◆ **Directions**: When you copy the records, keep every word exact and leave the pictures out.

◆ **Data records**:
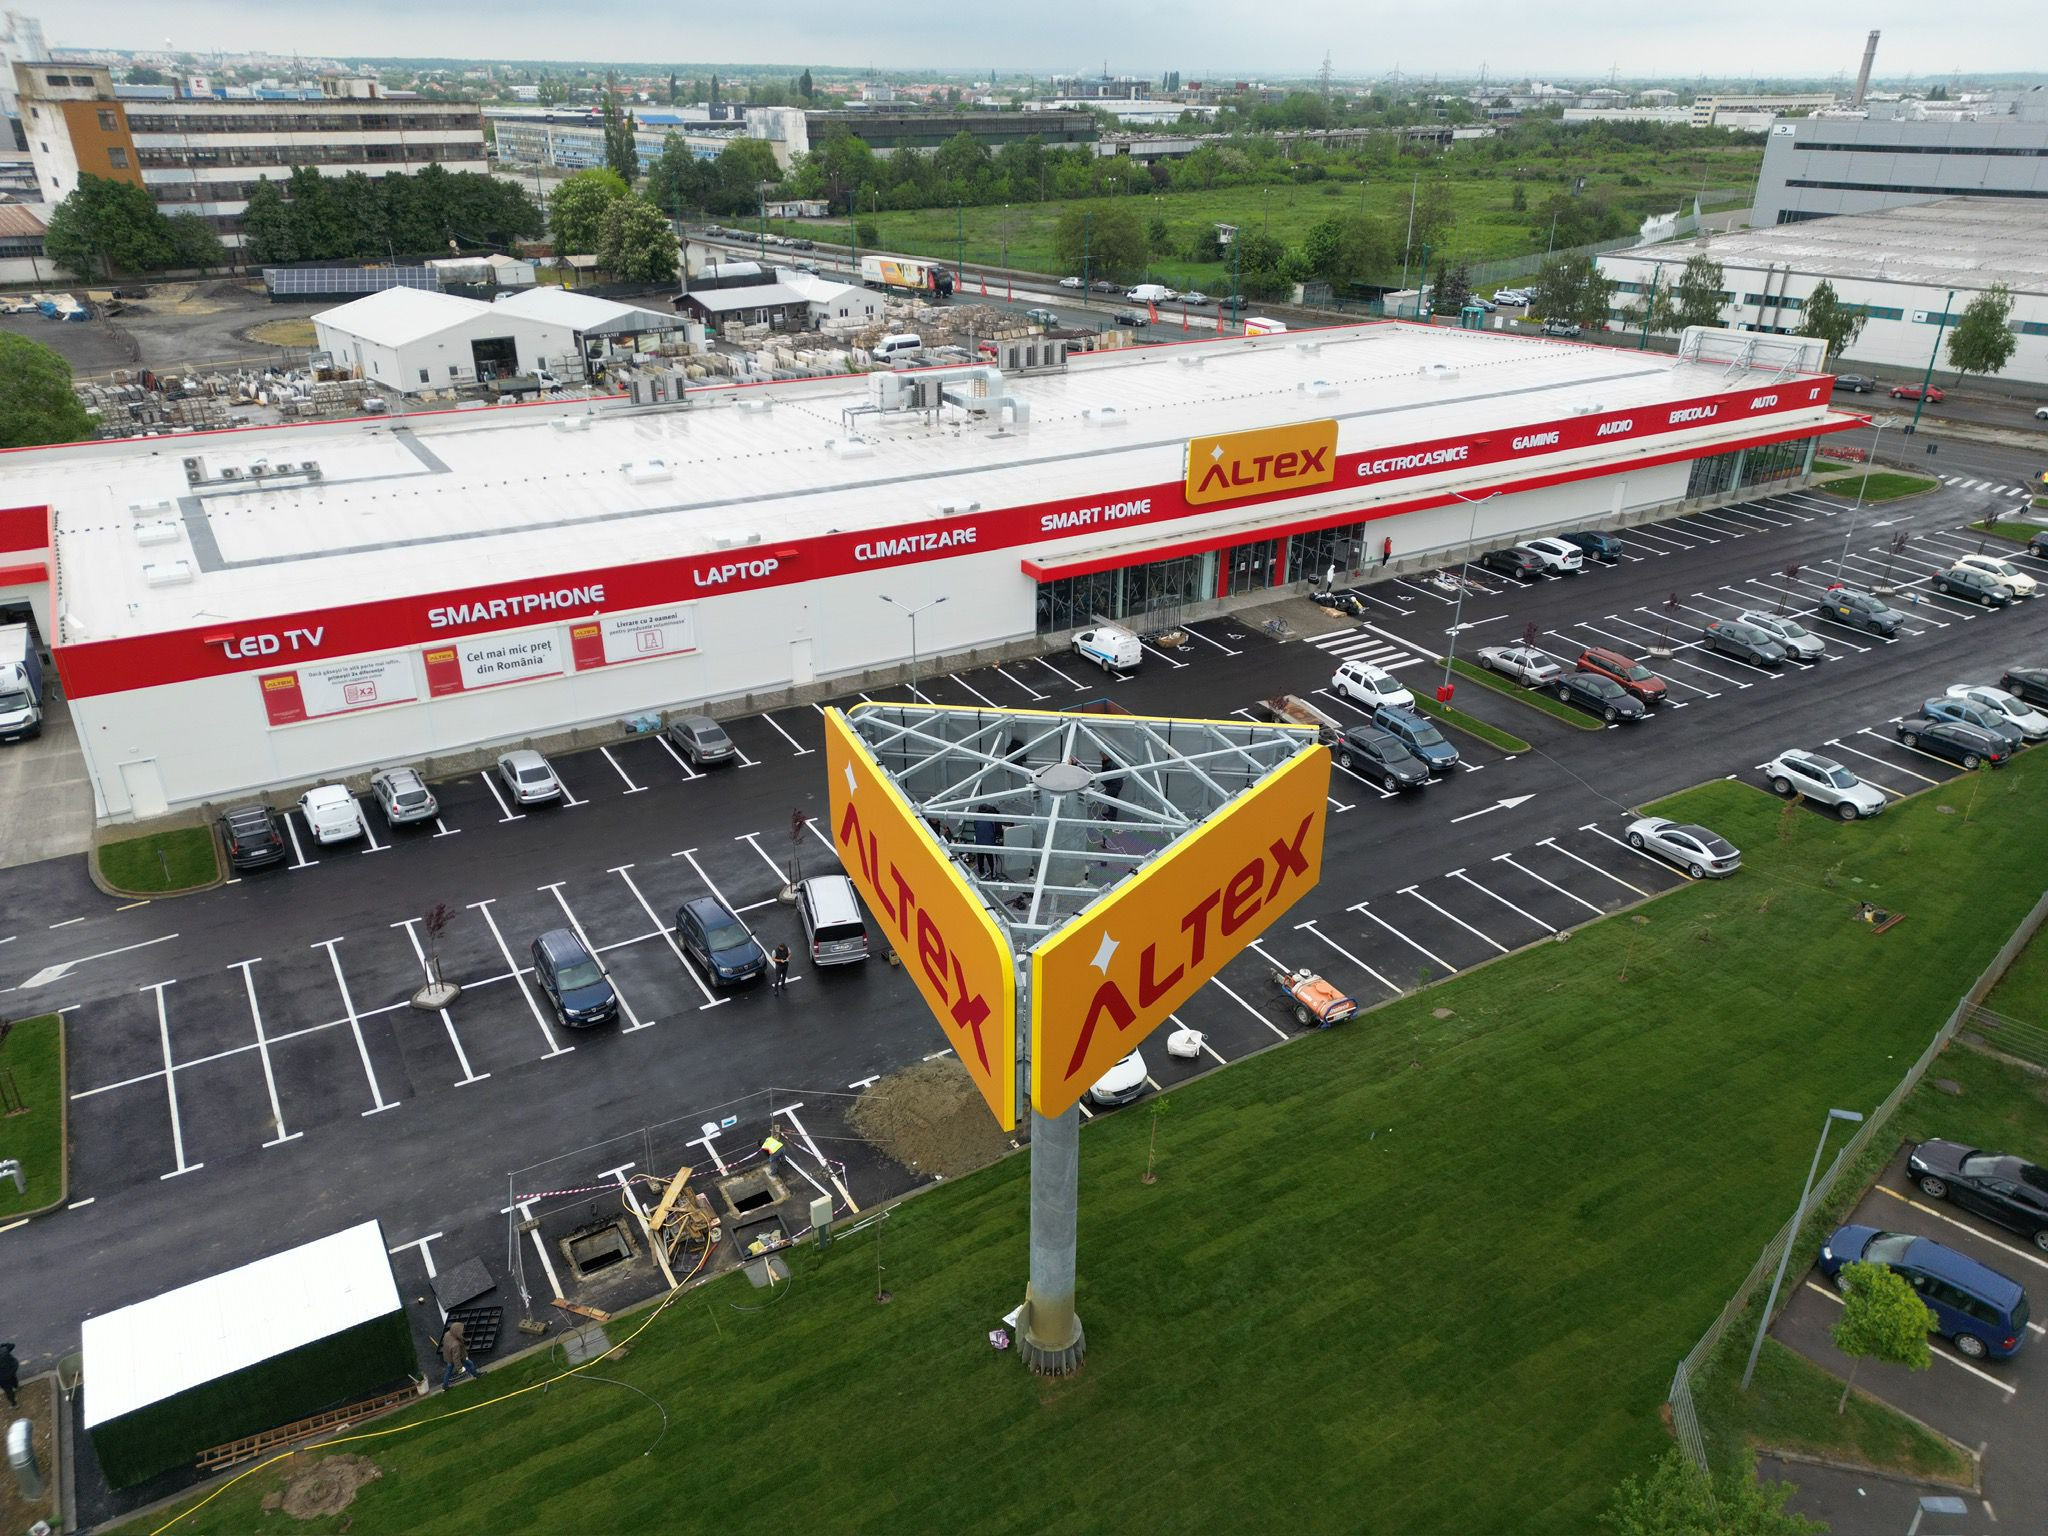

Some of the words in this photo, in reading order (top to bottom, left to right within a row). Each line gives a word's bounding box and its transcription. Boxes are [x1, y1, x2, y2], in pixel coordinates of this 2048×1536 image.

[1750, 394, 1778, 410] AUTO
[1809, 387, 1821, 400] IT
[1669, 404, 1718, 424] BRICOLAJ
[1597, 419, 1633, 436] AUDIO
[1512, 431, 1559, 450] GAMING
[1357, 446, 1468, 477] ELECTROCASNICE
[1041, 507, 1102, 531] SMART
[1104, 498, 1151, 521] HOME
[854, 527, 977, 561] CLIMATIZARE
[693, 558, 778, 587] LAPTOP
[428, 584, 605, 628] SMARTPHONE
[616, 619, 639, 628] Livrare
[654, 612, 678, 622] oameni
[223, 634, 280, 659] LED
[283, 626, 324, 650] TV
[467, 651, 484, 662] Cel
[486, 647, 506, 659] mai
[509, 643, 528, 655] mic
[530, 640, 552, 653] preț
[476, 664, 494, 674] din

◆ **Answer section**:
Some of the words in this photo, in reading order (top to bottom, left to right within a row). Each line gives a word's bounding box and its transcription. Boxes are [x1, y1, x2, y2], in pixel coordinates of this 2048×1536 image.

[1750, 394, 1778, 410] AUTO
[1809, 387, 1821, 400] IT
[1669, 404, 1718, 424] BRICOLAJ
[1597, 419, 1633, 436] AUDIO
[1512, 431, 1559, 450] GAMING
[1357, 446, 1468, 477] ELECTROCASNICE
[1041, 507, 1102, 531] SMART
[1104, 498, 1151, 521] HOME
[854, 527, 977, 561] CLIMATIZARE
[693, 558, 778, 587] LAPTOP
[428, 584, 605, 628] SMARTPHONE
[616, 619, 639, 628] Livrare
[654, 612, 678, 622] oameni
[223, 634, 280, 659] LED
[283, 626, 324, 650] TV
[467, 651, 484, 662] Cel
[486, 647, 506, 659] mai
[509, 643, 528, 655] mic
[530, 640, 552, 653] preț
[476, 664, 494, 674] din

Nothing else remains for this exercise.